Prime ideals of a finite direct product ring

If I am not mistaken, you've proven ideals of that form are prime, and now you are headed for the converse. Let $I$ be a prime ideal of $R$.

I assume you already know the ideal structure of finite products of rings, so you can see why the ideal must be of the form $I=\prod I_i$ for some ideals $I_i\lhd R_i$. Then $R/I=(\prod R_i)/(\prod I_i)\cong\prod R_i/I_i$.

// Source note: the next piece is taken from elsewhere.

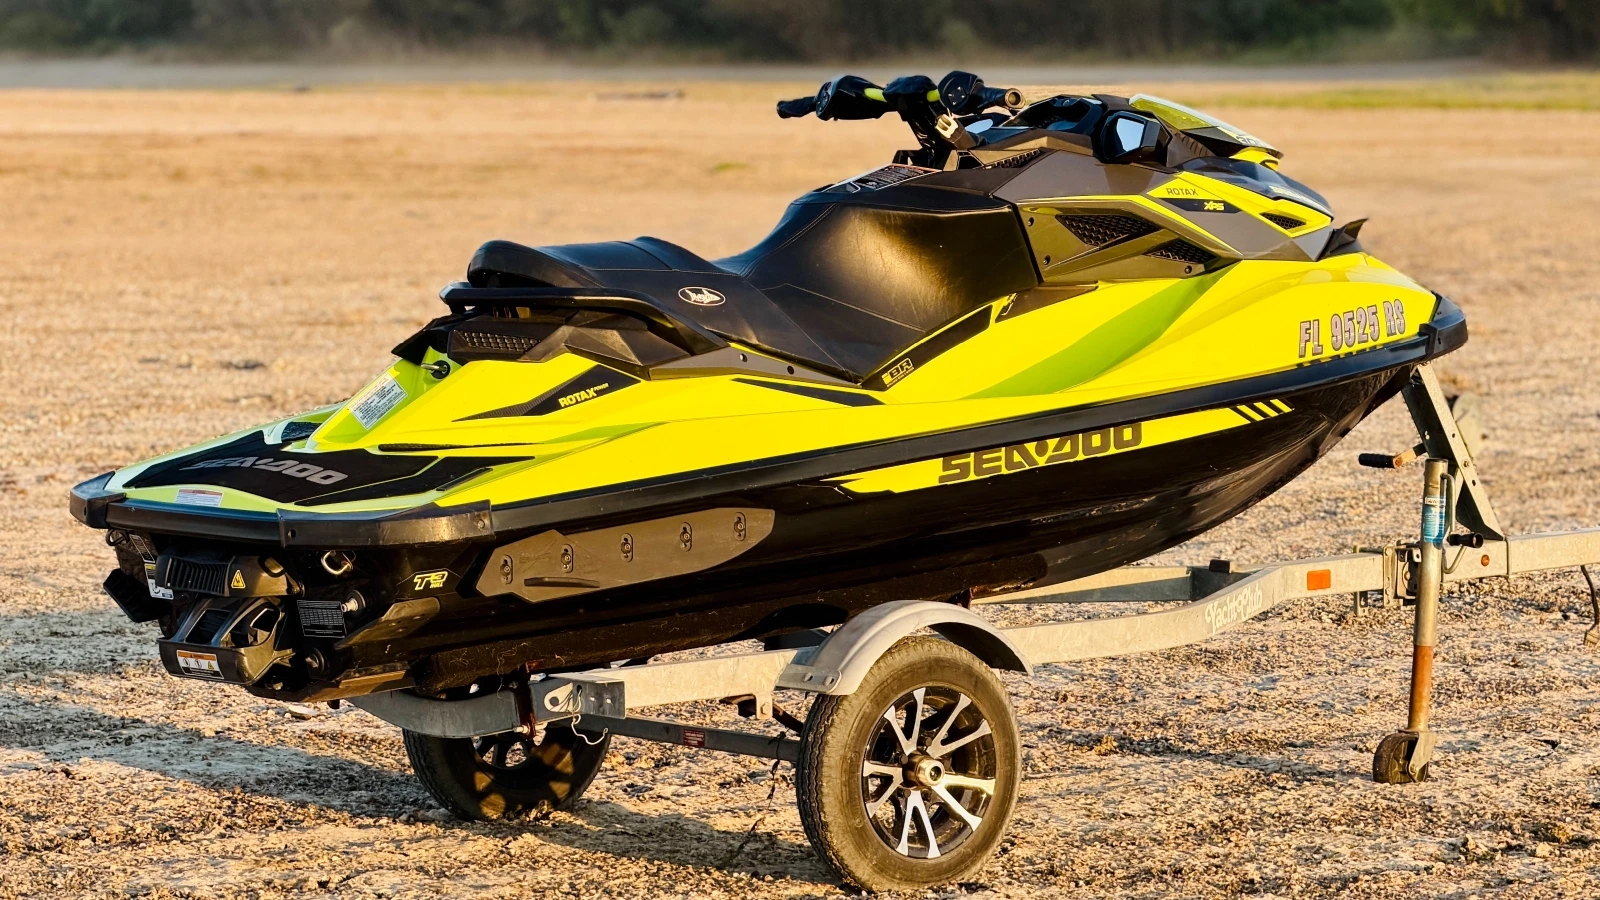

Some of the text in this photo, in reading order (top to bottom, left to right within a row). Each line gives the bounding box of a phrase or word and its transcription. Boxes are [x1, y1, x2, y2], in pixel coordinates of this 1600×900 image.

[1166, 187, 1198, 196] ROTAX
[1203, 201, 1225, 211] XPS
[1299, 298, 1406, 358] FL 9525 RS
[558, 387, 598, 408] ROTAX

Now, in order for this product to be a prime ring (which is exactly what a quotient by a prime ideal gives you) it is necessary for all factors to be zero except one, and the one that is nonzero must also be a prime ring.

The first condition implies there is a $j$ such that $R_k=I_k$ for all $k\neq j$, and the second condtion implies $I_j$ is a prime ideal of $R_j$.

A quick note about KonstantinArdakov's comment-solution: it's fine, except for a small danger of readers misunderstanding part of the logic.

As we know, the general definition of prime ideals says that $AB\subseteq P$ implies $A\subseteq P$ or $B\subseteq P$ for any two ideals $A,B$ of $R$. That is, it's the ideal-wise version of the element-wise condition for primality. So something needs to be said about why $e_ie_j=0$ implies one of the two is in $P$.

Now, given that at least one of $a$ and $b$ is central, we can conclude that $(a)(b)=\{0\}\subseteq P$, and it follows that $a\in P$ or $b\in P$, so everything works as hoped.